- _TASK GOAL_
The data must be given again exactly as written, with all images omitted.

(Collected data)
_____
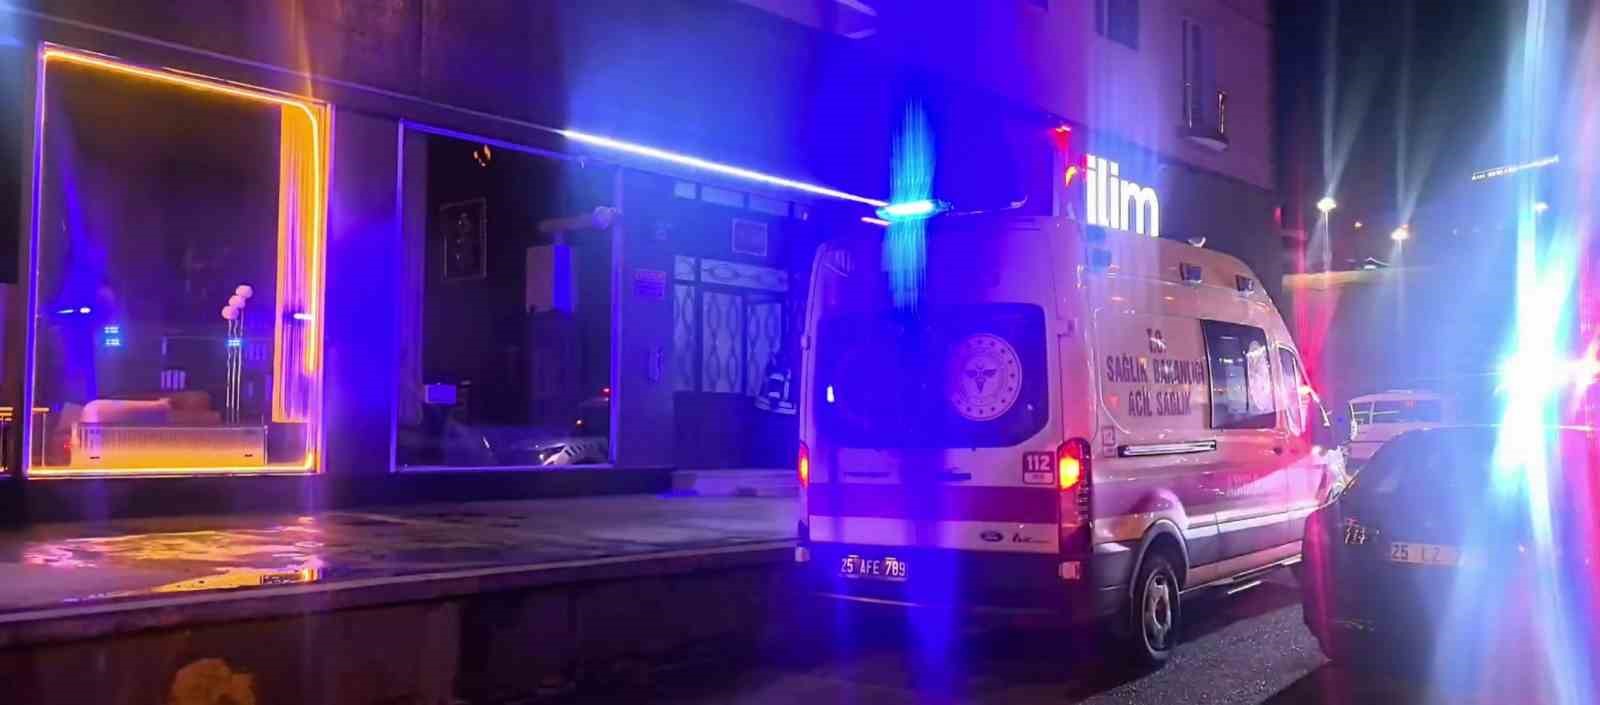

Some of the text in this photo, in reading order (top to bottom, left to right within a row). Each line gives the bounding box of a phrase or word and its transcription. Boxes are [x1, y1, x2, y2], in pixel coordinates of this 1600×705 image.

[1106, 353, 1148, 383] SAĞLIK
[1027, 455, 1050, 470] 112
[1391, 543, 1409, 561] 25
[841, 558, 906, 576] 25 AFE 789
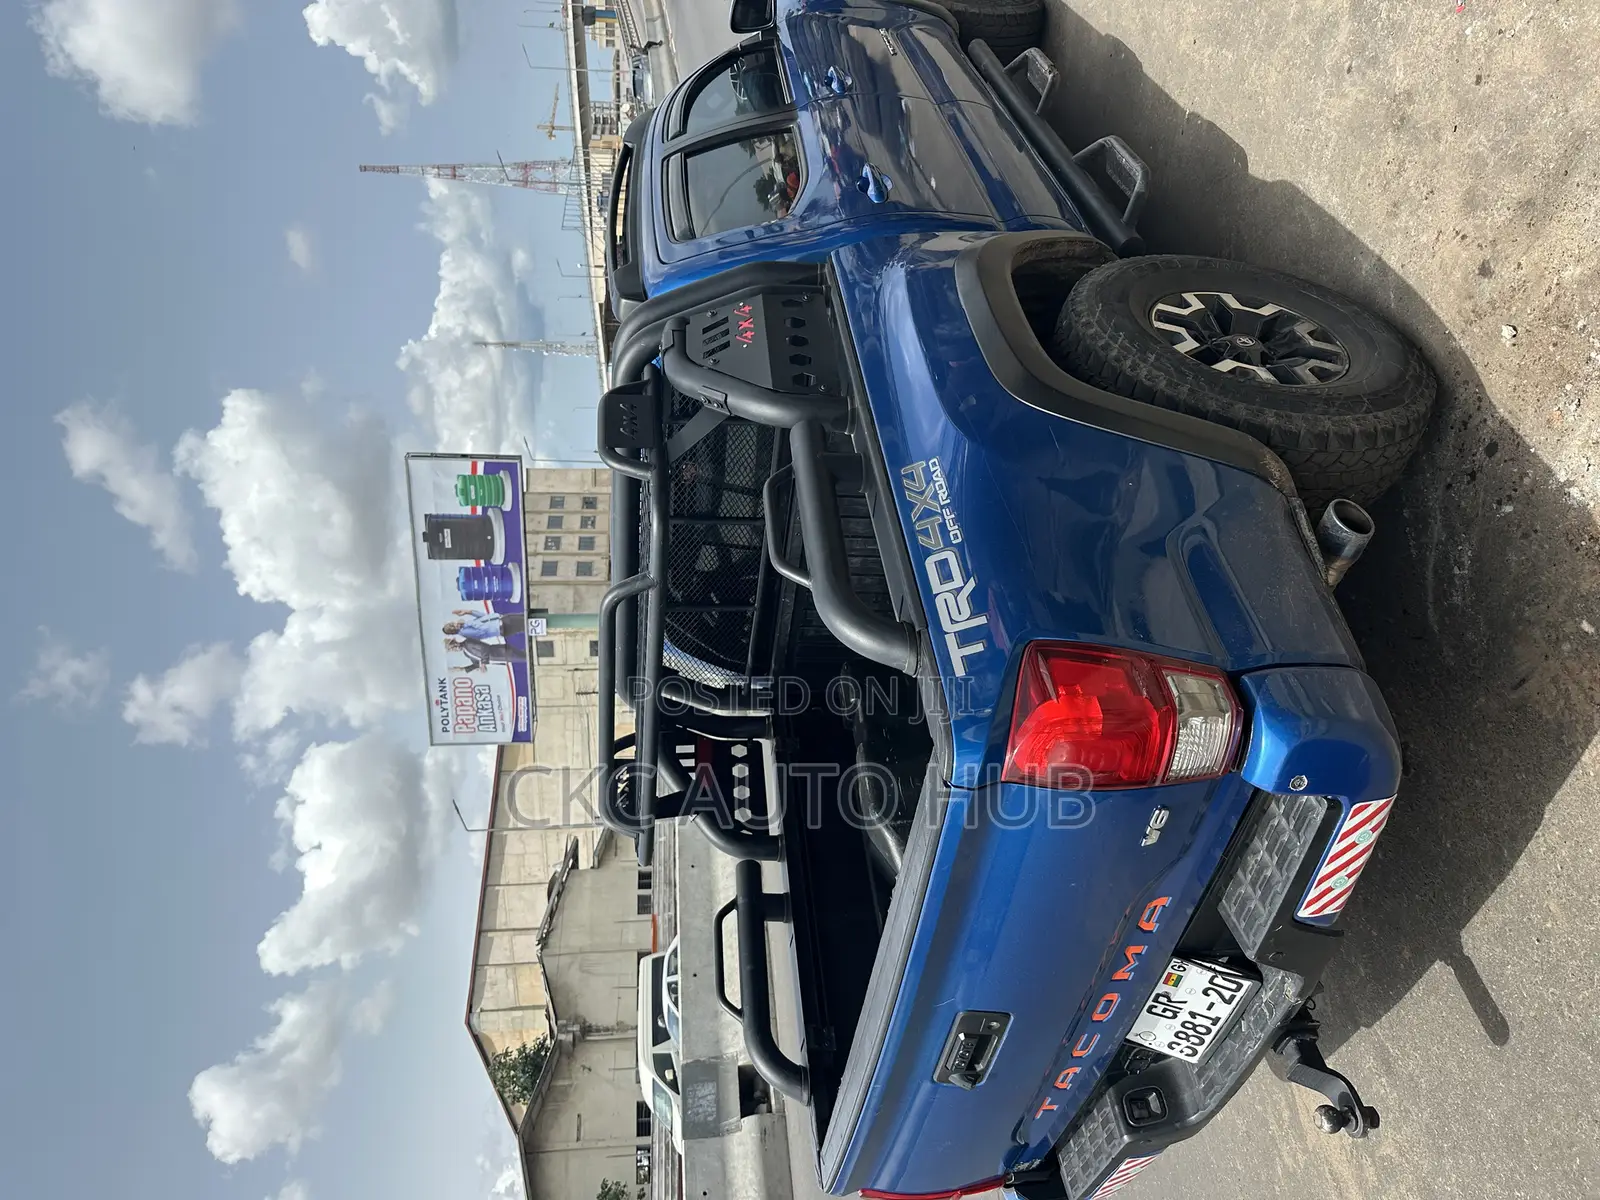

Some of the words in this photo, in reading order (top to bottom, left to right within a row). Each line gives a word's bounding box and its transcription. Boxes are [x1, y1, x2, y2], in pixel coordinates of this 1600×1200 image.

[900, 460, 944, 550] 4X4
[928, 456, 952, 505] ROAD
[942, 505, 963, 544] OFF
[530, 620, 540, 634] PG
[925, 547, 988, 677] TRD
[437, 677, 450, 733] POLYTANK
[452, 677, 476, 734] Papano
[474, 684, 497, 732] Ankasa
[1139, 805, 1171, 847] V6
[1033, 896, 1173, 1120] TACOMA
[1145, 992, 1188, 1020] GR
_____
- _TASK RESPONSE_
Some of the text in this photo, in reading order (top to bottom, left to right within a row). Each line gives the bounding box of a phrase or word and its transcription. Boxes are [x1, y1, x2, y2], in pixel coordinates of this 1600×705 image.

[1106, 353, 1148, 383] SAĞLIK
[1027, 455, 1050, 470] 112
[1391, 543, 1409, 561] 25
[841, 558, 906, 576] 25 AFE 789

Some of the words in this photo, in reading order (top to bottom, left to right within a row). Each line gives a word's bounding box and its transcription. Boxes are [x1, y1, x2, y2], in pixel coordinates of this 1600×1200 image.

[900, 460, 944, 550] 4X4
[928, 456, 952, 505] ROAD
[942, 505, 963, 544] OFF
[530, 620, 540, 634] PG
[925, 547, 988, 677] TRD
[437, 677, 450, 733] POLYTANK
[452, 677, 476, 734] Papano
[474, 684, 497, 732] Ankasa
[1139, 805, 1171, 847] V6
[1033, 896, 1173, 1120] TACOMA
[1145, 992, 1188, 1020] GR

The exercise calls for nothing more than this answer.